The TME of SMARCA4-deficient tumors varies by histologic subtypes. SCCOHT exhibits substantial infiltration of T cells, CD68+ macrophages, and tumor-infiltrating lymphocytes, suggesting an immunogenic landscape that may respond well to ICI treatment. 43 Conversely, SMARCA4-UT displays an “immune-desert” phenotype, characterized by low infiltration of CD3+ T cells, CD8+ T cells, and CD20+ B cells, and by the lack of tertiary lymphoid structures. 46
Current clinical evidence on immunotherapy for SMARCA4-deficient tumors is mainly concentrated in SCCOHT, NSCLC, thoracic undifferentiated tumors, gastric cancer, and pancreatic cancer (Table 1). A case report involving four patients with SCCOHT described complete response (CR) or PR to ICI monotherapy in all cases, with one patient showing a sustained PR for 6 months, and the other three remaining tumor-free for more than 18 months. 43 However, in other tumor types, objective responses to ICI monotherapy do not result in progression-free survival (PFS) or overall survival (OS) benefits. Zhou et al. found that despite SMARCA4-truncated NSCLC patients exhibiting better ORR and disease control rate (DCR) than SMARCA4 wild-type patients when treated with ICI monotherapy (ORR: 53% vs 20%, DCR: 56% vs 32%), the median PFS (mPFS) (6.6 months vs 4.4 months) and median OS (mOS) (13.0 months vs 12.0 months) in SMARCA4-mutant cases were not significantly prolonged. 9 Shinno et al. reported four PRs among 10 SMARCA4-deficient thoracic tumor patients who received ICI monotherapy. The ORR of first-line ICI monotherapy was better than that of later lines (80% vs 0%). Despite the encouraging initial responses, the mPFS for all patients was only around 2.4 months, suggesting a temporary benefit of ICI monotherapy. 45 Similar findings were also reported in other studies. In a non-randomized phase II basket trial evaluating pembrolizumab monotherapy in rare sarcomas, the ORR of 12 patients with SMARCA4-deficient sarcomas or malignant rhabdoid tumors was 25%, ranking the second highest among all tumors evaluated. However, the mPFS and mOS were only 2.0 and 2.8 months, with the lowest 6-month OS rate (33%) among all tumors assessed. 47
The clinical applications of ICIs in SMARCA4-deficient tumors.
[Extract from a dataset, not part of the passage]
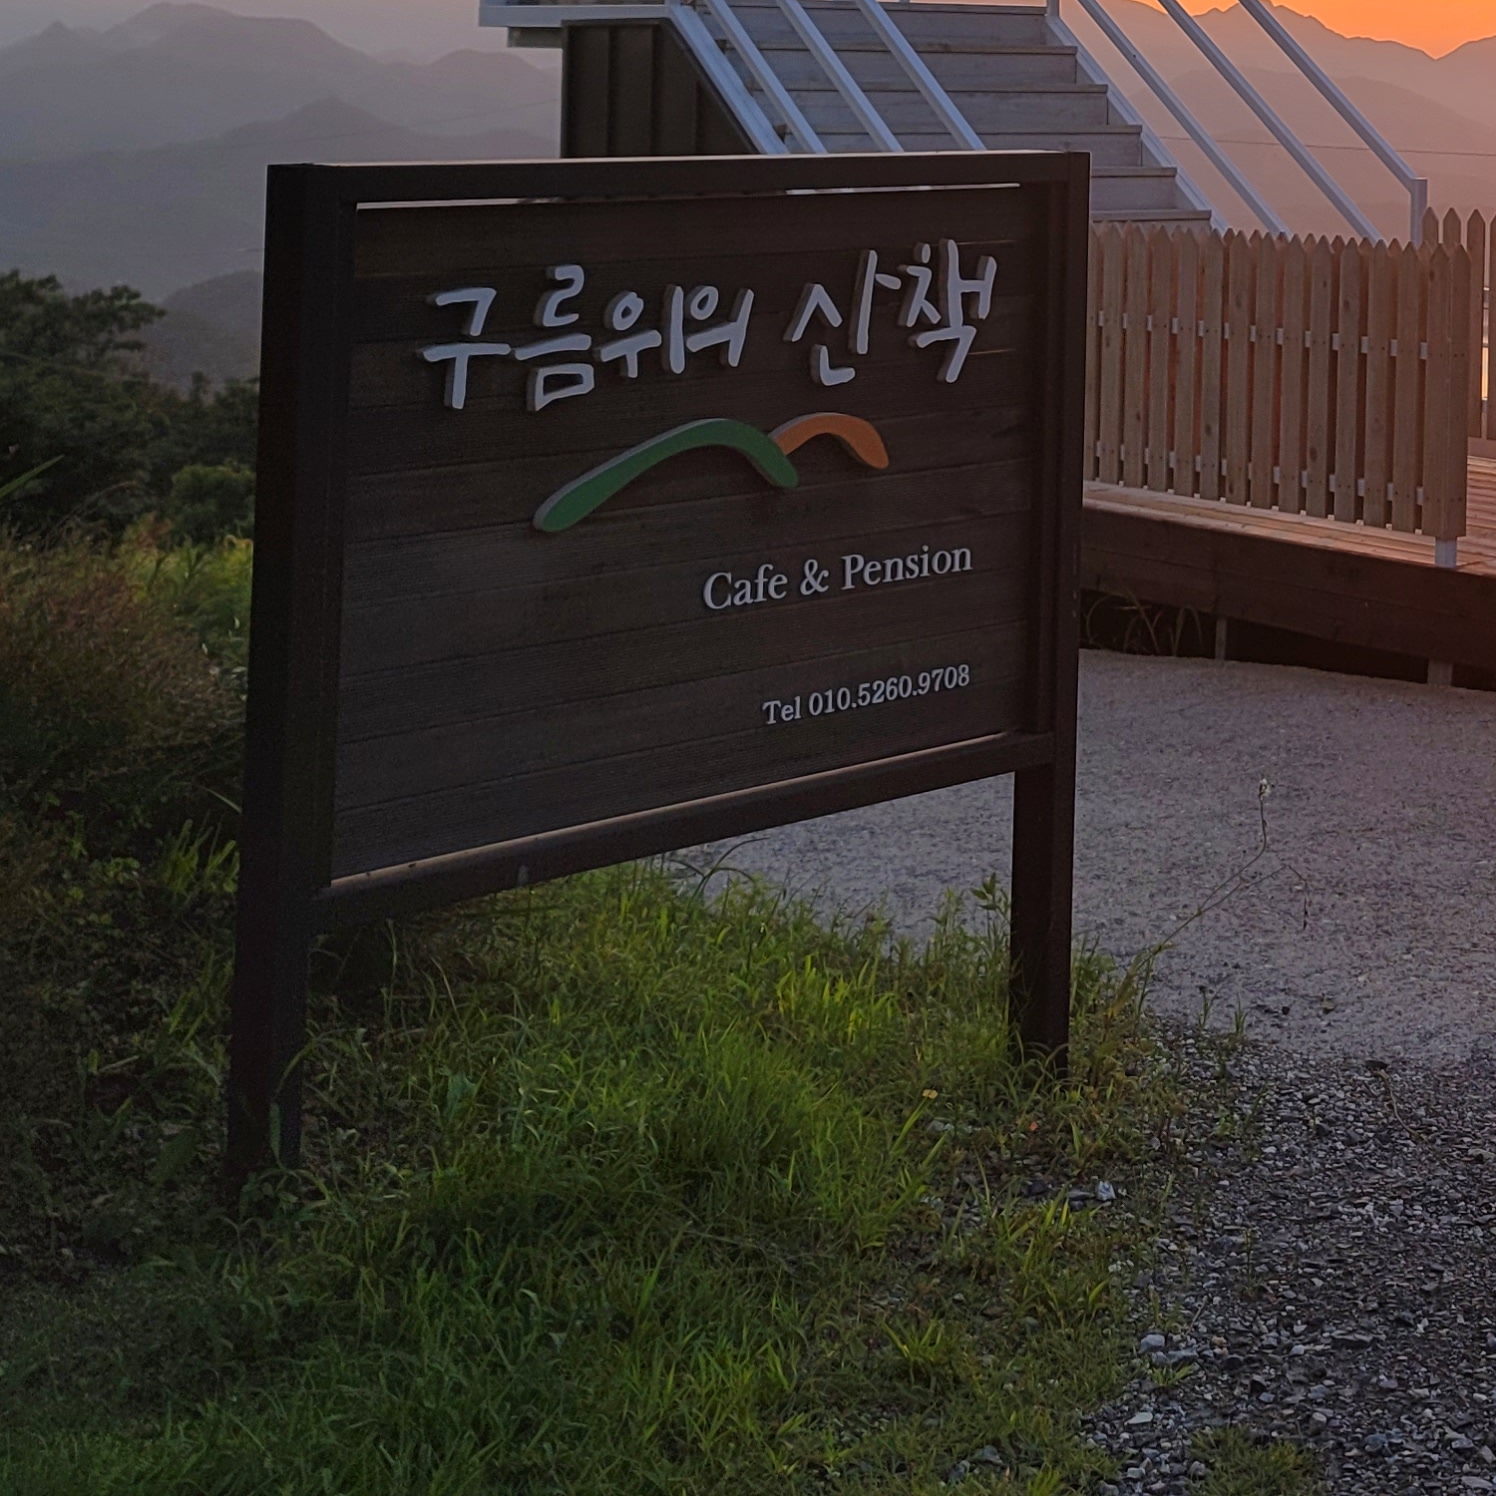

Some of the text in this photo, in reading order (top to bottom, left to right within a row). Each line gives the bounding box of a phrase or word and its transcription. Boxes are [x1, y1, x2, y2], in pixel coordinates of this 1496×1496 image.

[420, 238, 997, 411] 구름위의 산책
[702, 544, 973, 610] Cafe & Pension
[763, 664, 971, 725] Tel 010.5260.9708
ABCP, combination of atezolizumab, bevacizumab, carboplatin, and paclitaxel; ICI, immune checkpoint inhibitor; mOS, median overall survival; mPFS, median progression-free survival; NE, not evaluated; ORR, objective response rate; PD-1, programmed cell death 1; PD-L1, programmed cell death ligand 1; SCCOHT, small-cell carcinoma of the ovary, hypercalcemic type; SMARCA4-NSCLC, SMARCA4-deficient non-small cell lung cancer; SMARCA4-UT, SMARCA4-deficient thoracic undifferentiated tumor.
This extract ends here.